Daishowa involved the sale of timber lands in Alberta by Daishowa-Marubeni to Tolko Industries, for a sum of $186 million in cash.  An Alberta statute requires the owner of such timber lands to replant trees in the areas where they have been cut down.   The contract between Daishowa and Tolko called for the purchaser to assume the cost of replanting the trees, explicitly valued in the contract at $11 million.  The Minister assessed Daishowa for unpaid taxes, on the grounds that the actual proceeds of the sale was $197 million, including the value to Daishowa of being relieved of its pre-existing liability to replant the trees it had cut down.

The ITA at s 248(1) states that “‘amount’ means money, rights or things expressed in terms of the amount of money or the value in terms of money of the right or thing…”   At the Court of Appeal, the majority affirmed the trial judge’s ruling that  “the sale price of a property is commonly defined to include any consideration received by a seller from a buyer, including cash, property and/or the assumption of liabilities.” (2011 FCA 267 at para. 49).

The lower court judgements would likely have treated Daishowa unjustly, and they appear to fly in the face of economic logic.   As noted by Justice Rothstein, at the time Daishowa was selling the trees, it was not allowed to deduct from its taxable income the future cost of replanting them.   Therefore, including the $11 million cost of replanting the trees in the proceeds of disposition would have resulted in paying tax on an amount that is not really income.  That was the economic justification for the SCC’s decision, but economic logic by itself would not provide a judicial justification to allow the court to overcome the fairly clear meaning of the statute, which implied that Daishowa was required to include the $11 million in income.
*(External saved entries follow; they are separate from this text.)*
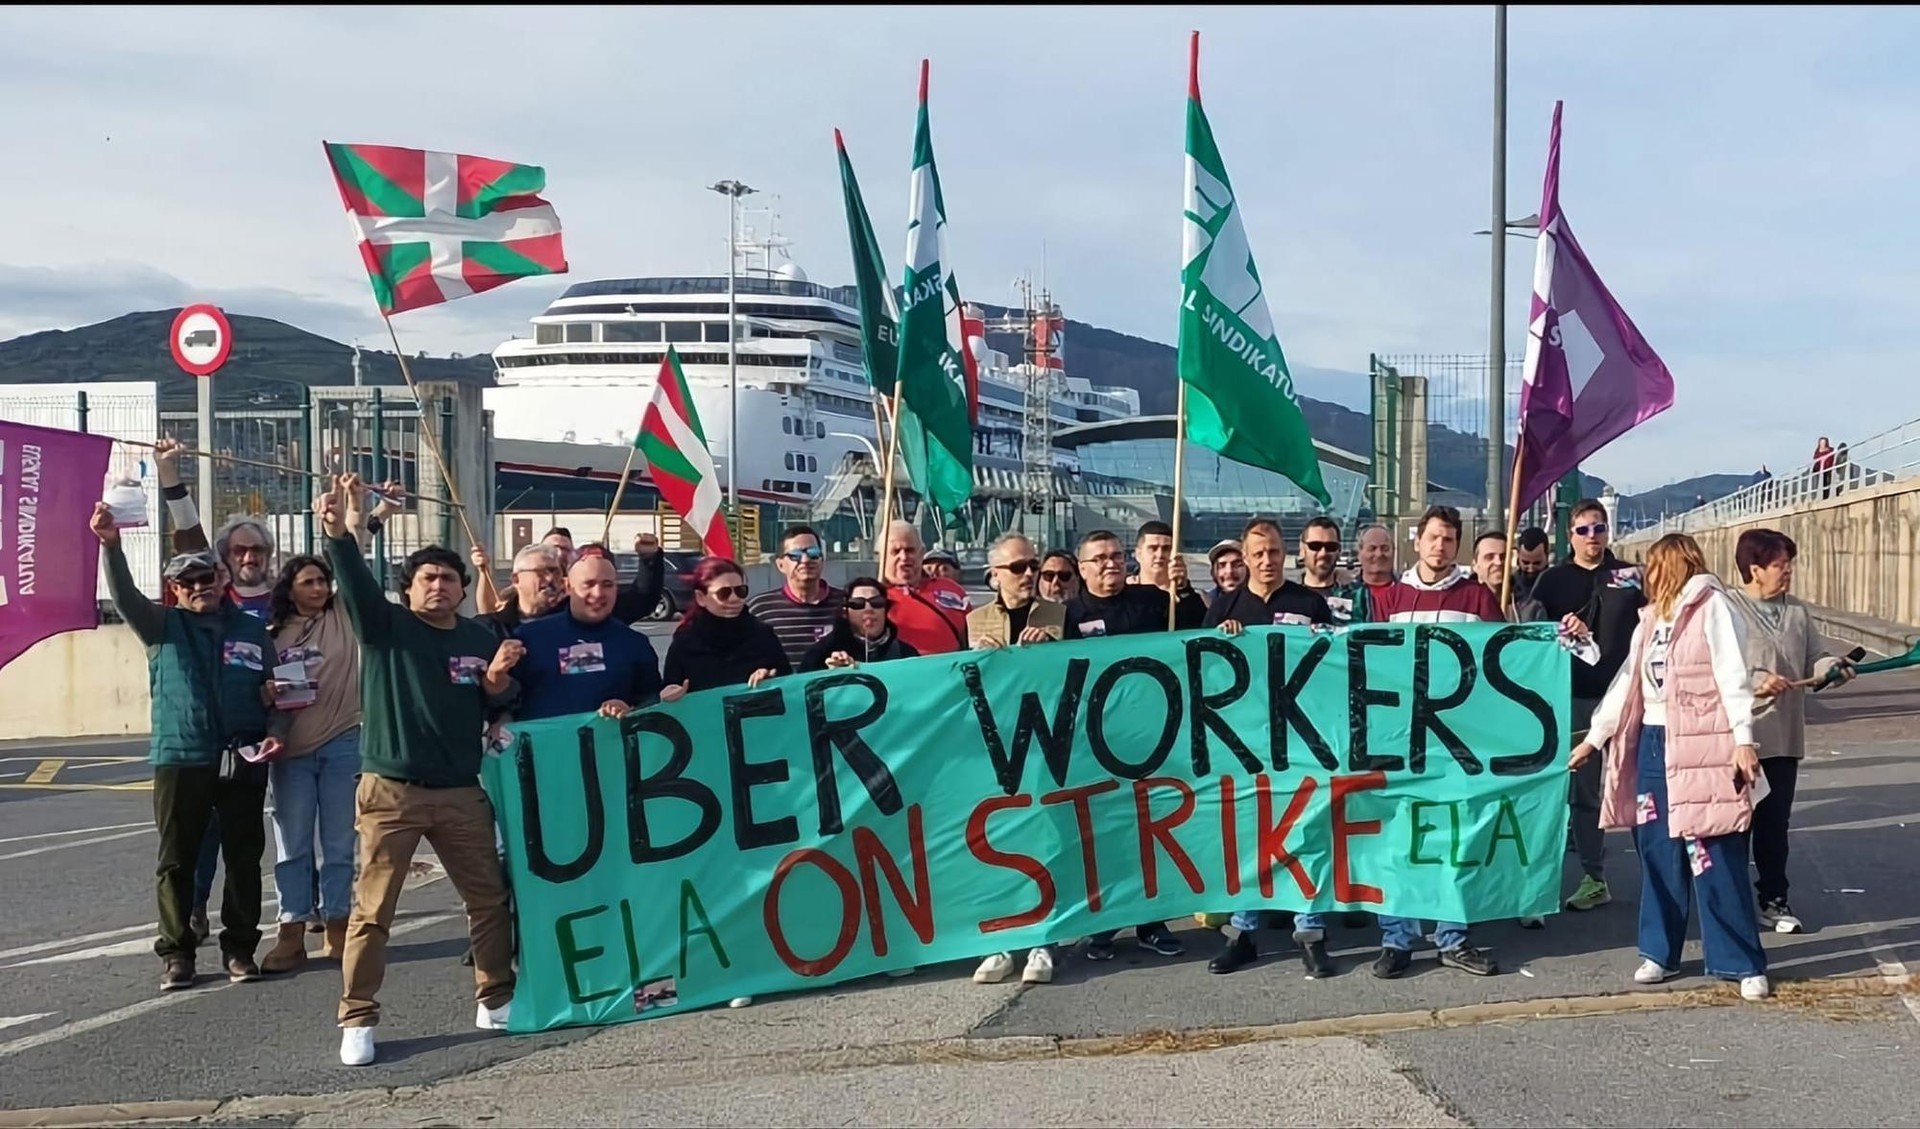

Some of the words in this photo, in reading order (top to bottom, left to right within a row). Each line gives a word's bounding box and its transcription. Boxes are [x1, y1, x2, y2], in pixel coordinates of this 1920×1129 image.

[515, 673, 904, 884] UBER
[961, 624, 1559, 794] WORKERS
[1409, 795, 1529, 868] ELA
[555, 879, 731, 1004] ELA
[763, 803, 935, 977] ON
[965, 771, 1387, 935] STRIKE
How did Justice Rothstein get around the standard interpretation of what is consideration?   He used the analogy of a building that is damaged and in need of repair.   On this interpretation, Daishowa was selling the land in “as-is” condition, and the $11 million could be characterized as a discount from what it would have been worth if it had been in good condition.  The obligation to replant the trees runs with the ownership of the land, and it was legally impossible for the purchaser to buy it without assuming this obligation.  On this view, the $11 million was not part of the consideration on the sale.   A critic might suggest that Justice Rothstein did not clearly confront or refute the lower courts’ interpretation with respect to Daishowa’s statutory liability to replant, and rather side-stepped the issue with this theory.

Justice Rothstein capped it off by stating that “the conclusion I have reached — that a purchaser’s assumption of reforestation obligations does not form part of the vendor’s proceeds of disposition — avoids this asymmetry…. an interpretation of the Act that promotes symmetry and fairness through a harmonious taxation scheme is to be preferred over an interpretation which promotes neither value.”   

Constitutional purists will disapprove of such a wide degree of judicial discretion in deciding what the law ought to be, but the other eight members of the court all concurred, so that is how the wind is blowing in Ottawa.    Tax practitioners have widely applauded the decision in Daishowa as being in line with commercial common sense.   The decision was probably a reasonable one based on tax policy.   However, in many circumstances, opinions about what is fair or wise in taxation can differ greatly.  A highly subjective approach to statutory interpretation may create increased uncertainty for lawyers trying to advise their clients about how courts will interpret the law in the future.    

 


[1] An excellent history can be found in Stephen W. Bowman, “Interpretation of Tax Legislation:  The Evolution of Purposive Analysis,” 43 Canadian Tax Journal, No. 5 (1995), 1167.